Мой миленький дружок,
Любезный пастушок… –

 
   послышалось издали, и под звуки «Пастушка» на крыльцо вышел черный костюм. В руке он держал синий наган.
   – Выходи по одному! – приказал он.
   В двери появился Кожаный. Глянул на заходящее солнце, опустил голову.
   За ним вышел Сопеля, и снова черный костюм. У этого в руке был наган, крупный, как птица грач.
   Запинаясь за порог, вышли на свет Цыпочка и Жернов. Замыкал шествие капитан Болдырев. Его неожиданный серый костюм радовал глаз. Так уж получилось, что все, кроме капитана, были одеты в черное. Но тусклы и заляпаны пятнами были пиджаки «монахов», а хорошо сшитые костюмы милиции имели глубокий бархатный цвет.
   Процессия, в которой было что-то торжественное, потянулась через площадь. Опустив глаза, заложив руки за спину, шагали «монахи». Только Кожаный поглядывал по сторонам.
   И в этот момент появилась лошадь.



Ошибка старшины Тараканова


   Впрочем, появляться она начала давно.
   Как только Кожаный вышел на крыльцо – из ворот рынка высунулась лошадиная морда, а когда в двери возник капитан Болдырев, стал виден и лошадиный хвост, а за ним – телега, на которой стояло пять молочных бидонов. Шестым в телеге был возчик-молоковоз, схожий с бидоном, в кепке и телогрейке. По лицу его было видно, что он времени даром на рынке не терял. Пока молоко из бидонов переливалось в кувшины покупателей, сам он наливался квасом.
   Еле приоткрыв глаза, он лениво подергивая вожжи и чмокал губами. Лошадь на чмоканье не обращала особого внимания и неторопливо двигалась к «Волшебному стрелку». А навстречу – процессия, возглавляемая человеком в черном.
   Заприметив процессию, лошадь остановилась. С глубоким подозрением оглядывала она приближающихся людей. Лошадь, очевидно, была умна.
   – Чмок, чмок, – сказал молоковоз. Он и не пытался полностью раскрыть глаза и оглядеть препятствие на пути.
   – Давай, давай, проезжай скорее! – послышался строгий голос.
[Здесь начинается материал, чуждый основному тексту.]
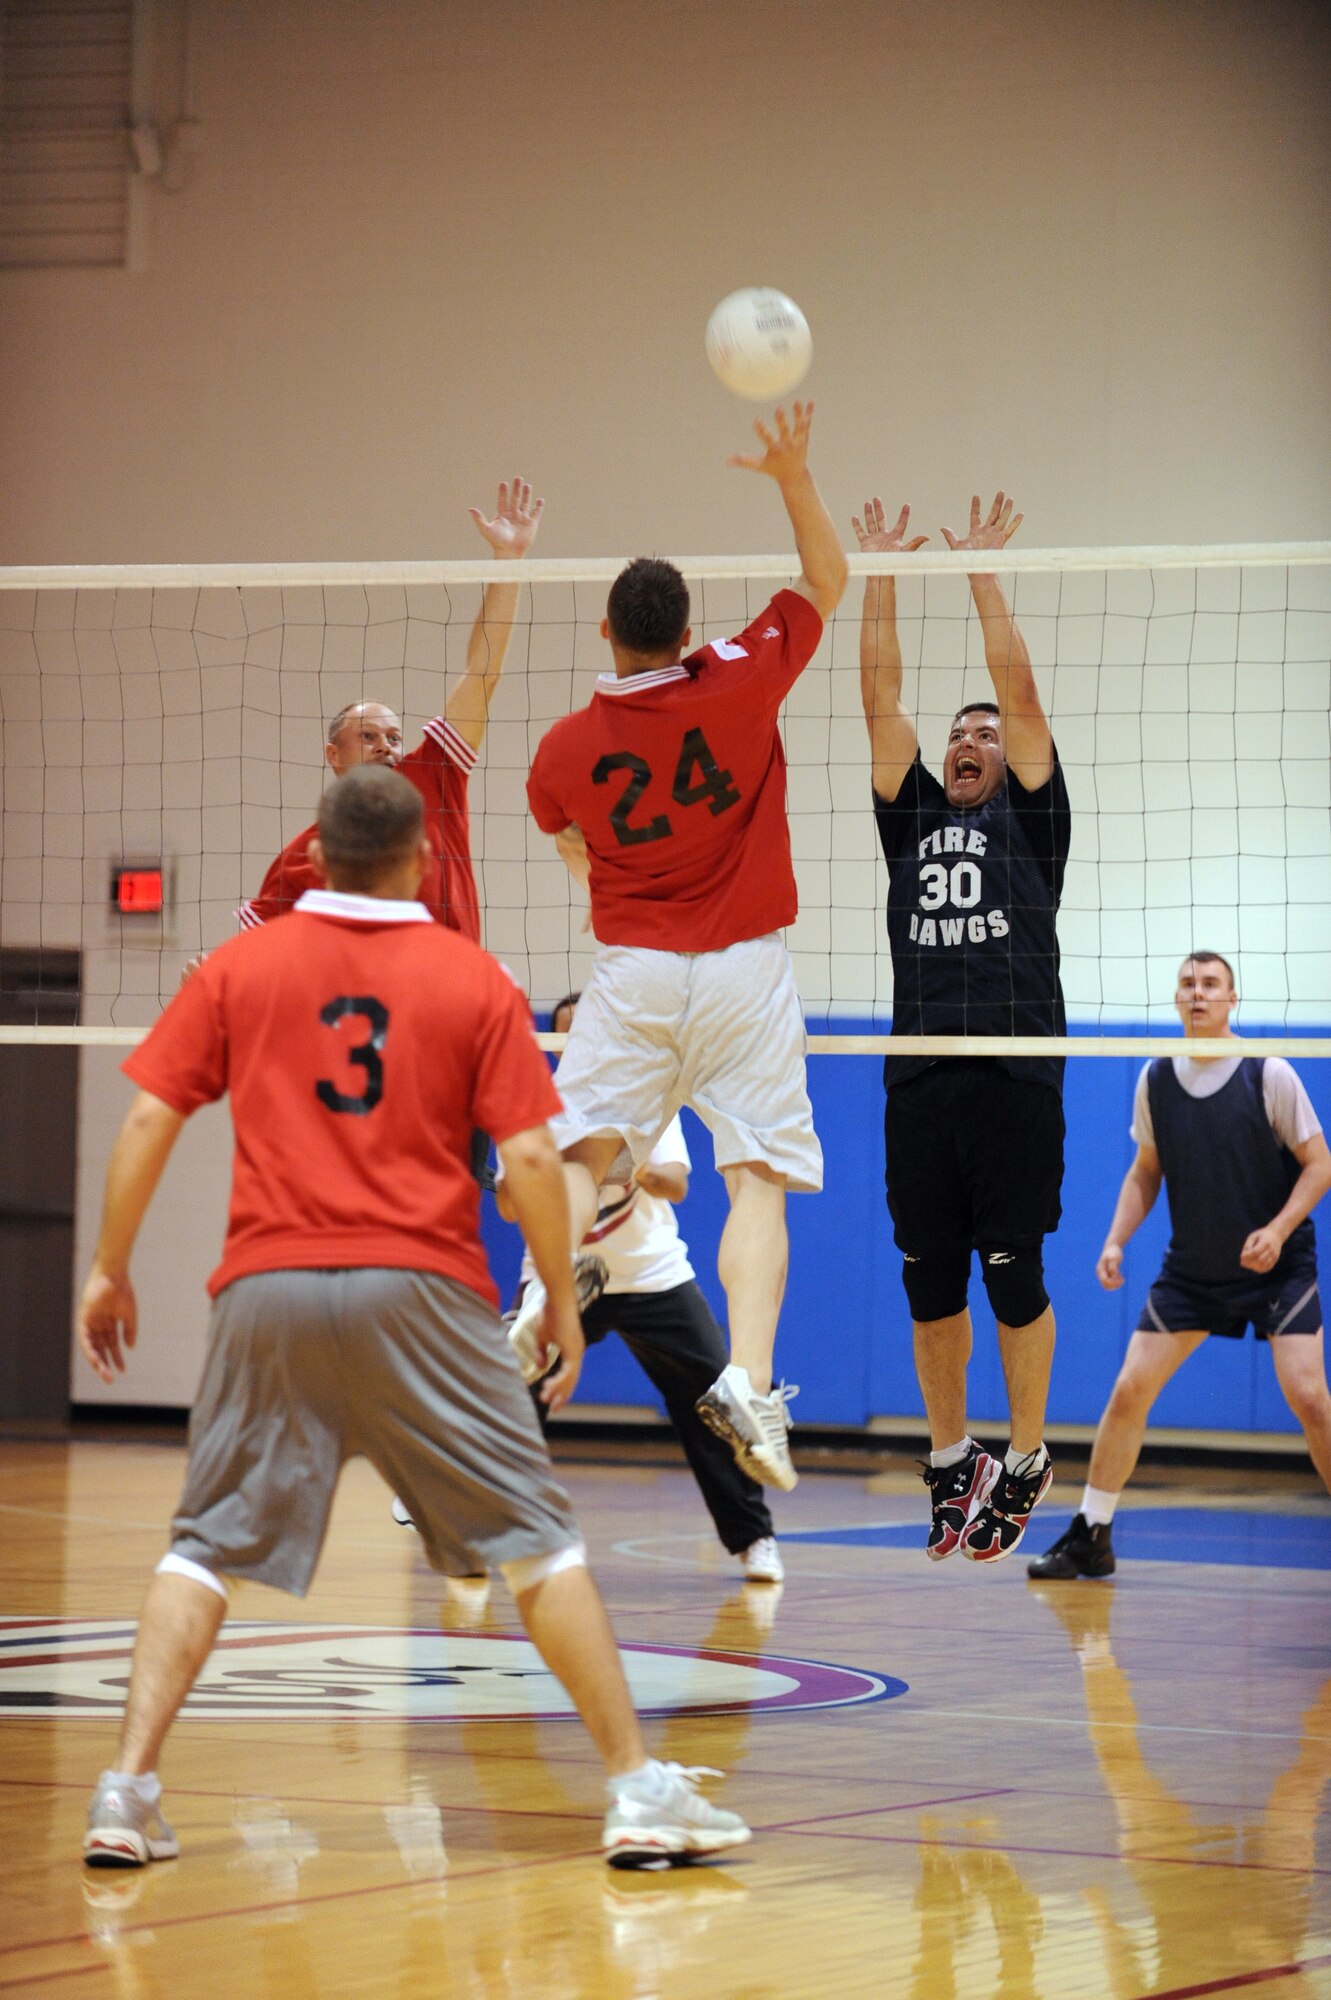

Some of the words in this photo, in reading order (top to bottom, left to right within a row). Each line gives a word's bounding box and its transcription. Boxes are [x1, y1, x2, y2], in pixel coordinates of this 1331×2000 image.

[592, 727, 741, 846] 24
[919, 826, 987, 861] FIRE
[919, 862, 981, 911] 30
[909, 909, 1009, 946] DAWGS
[316, 996, 389, 1116] 3
   – Чего еще? Куда? Тебя не спросил! – грубо ответил молоковоз, открыл глаза пошире, надеясь похамить, и тут увидел человека с наганом в руке. Это зрелище настолько потрясло возчика, что лицо его немедленно окрасилось в тона простокваши.
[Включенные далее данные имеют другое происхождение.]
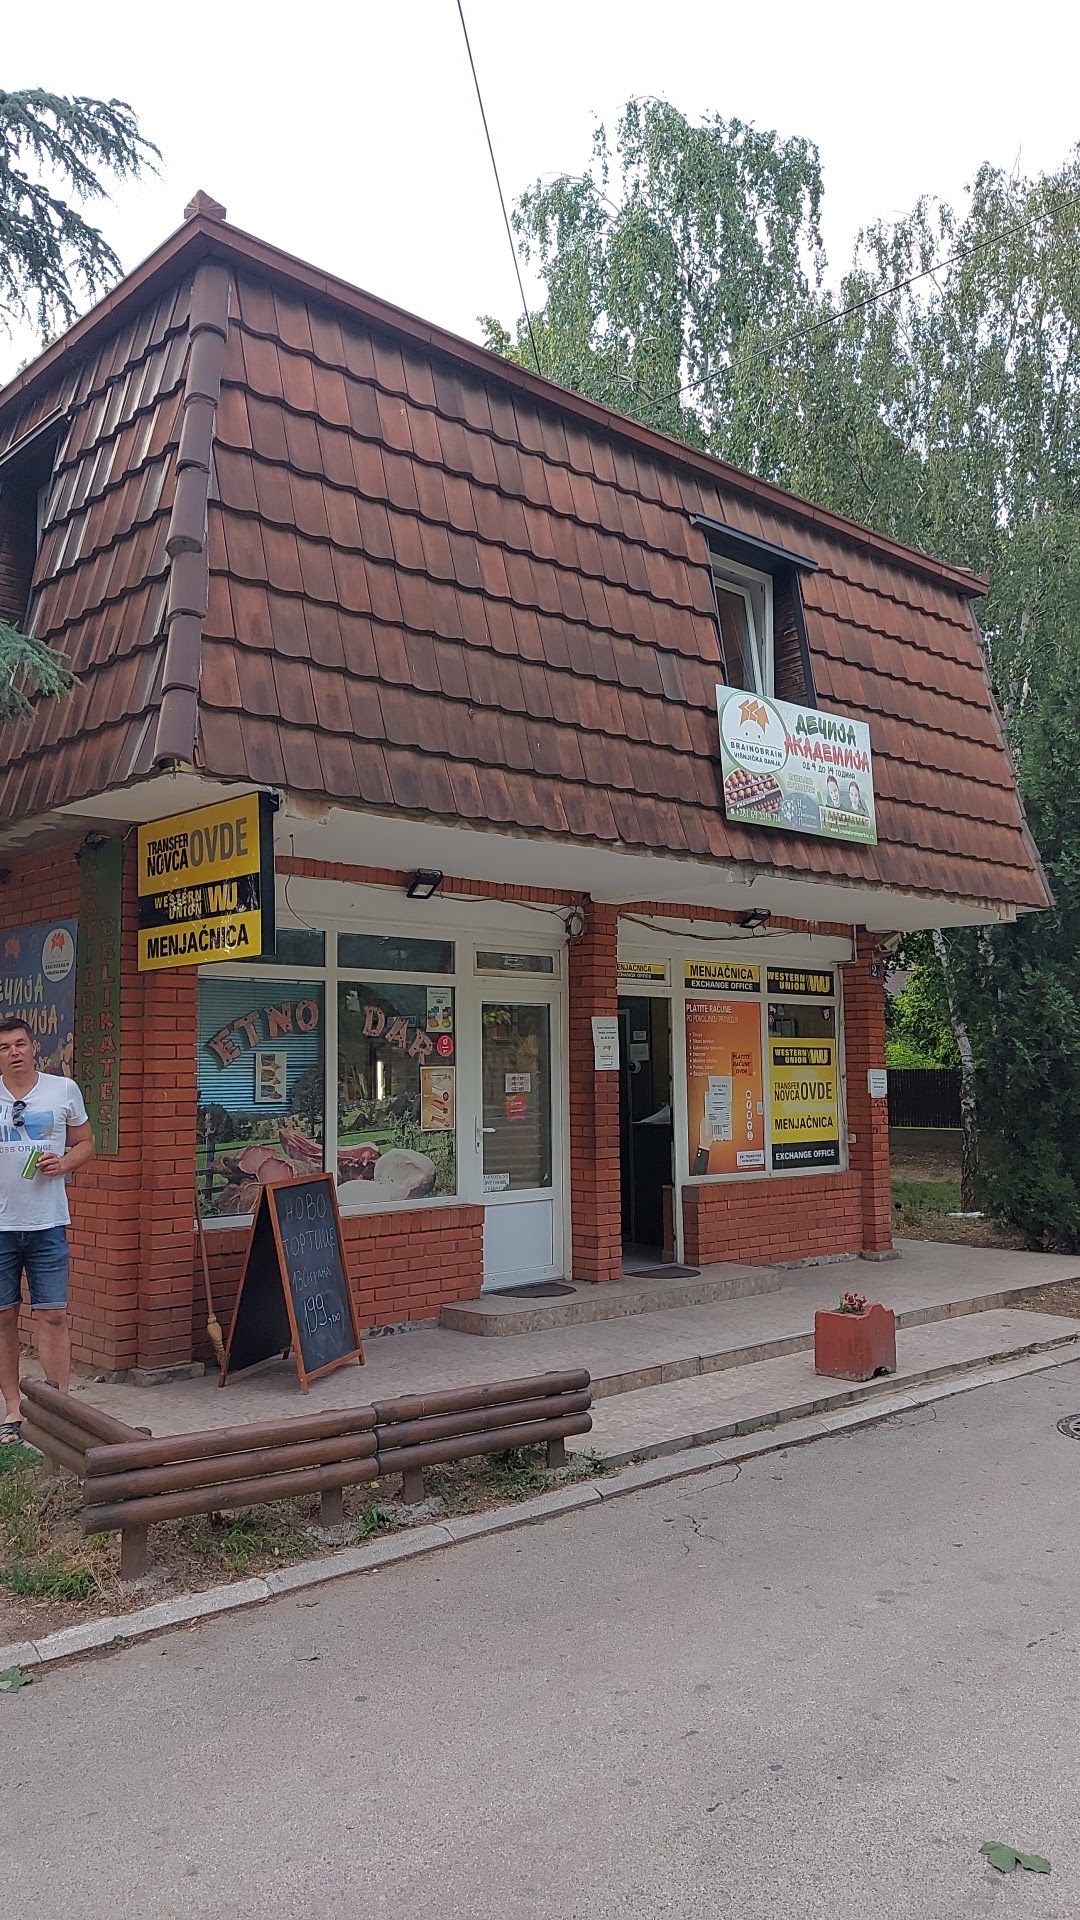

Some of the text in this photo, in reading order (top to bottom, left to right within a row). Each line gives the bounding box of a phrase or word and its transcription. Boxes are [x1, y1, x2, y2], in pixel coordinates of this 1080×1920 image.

[795, 713, 857, 747] ДЕЧИЈА
[730, 741, 783, 759] BRAINOBRAIN
[784, 732, 870, 773] АКАДЕМИЈА
[811, 763, 816, 771] 4
[828, 766, 834, 776] 14
[147, 833, 188, 856] TRANSFER
[147, 817, 248, 877] NOVCA OVDE
[154, 889, 202, 910] WESTERN
[168, 902, 202, 920] UNION
[690, 965, 753, 980] MENJAČNICA
[767, 972, 805, 982] WESTERN
[692, 980, 729, 989] EXCHANGE
[779, 982, 805, 991] UNION
[686, 1004, 708, 1013] PLATITE
[207, 999, 433, 1068] ETNO DAR
[785, 1056, 807, 1064] UNION
[775, 1082, 832, 1101] NOVCA OVDE
[775, 1115, 833, 1130] MENJAČNICA
[776, 1149, 835, 1161] EXCHANGE OFFICE
   – Проезжай, – повторил человек в черном, наганом указывая направление пути.
   Но молоковоз никак не мог сообразить, что же это такое, как же так – наганом ему указывают. В голове его для нагана не осталось места, все было занято квасом.
   Зато у Кожаного в голове места было достаточно.
   – Сопеля! За мной! – крикнул он, прыгнул в телегу и вырвал вожжи из рук молоковоза.
   Сопеля кинулся за ним, сшибая бидоны.
   Двое в черном разом вскинули наганы и нажали курки.
   Гром выстрелов должен был немедленно потрясти площадь, но капитан крикнул:
   – Не стрелять!
   Тотчас пули, которые уж вылетели было из раскаленных стволов, юркнули обратно и затаились в гильзах. Наганы нервно икнули, как братья-близнецы.
   – Нооо!!! Холерааа!!! – рявкнул Моня Кожаный и так дернул вожжи, что лошадь прыгнула, махом влетела в лужу, подняв из-под колес волну, которая и скрыла от нас происходящее. Когда же волна рухнула обратно, лошадь была у капитанского мостика. Так уж получалось, что этот диковинный помост никто не мог сегодня обойти.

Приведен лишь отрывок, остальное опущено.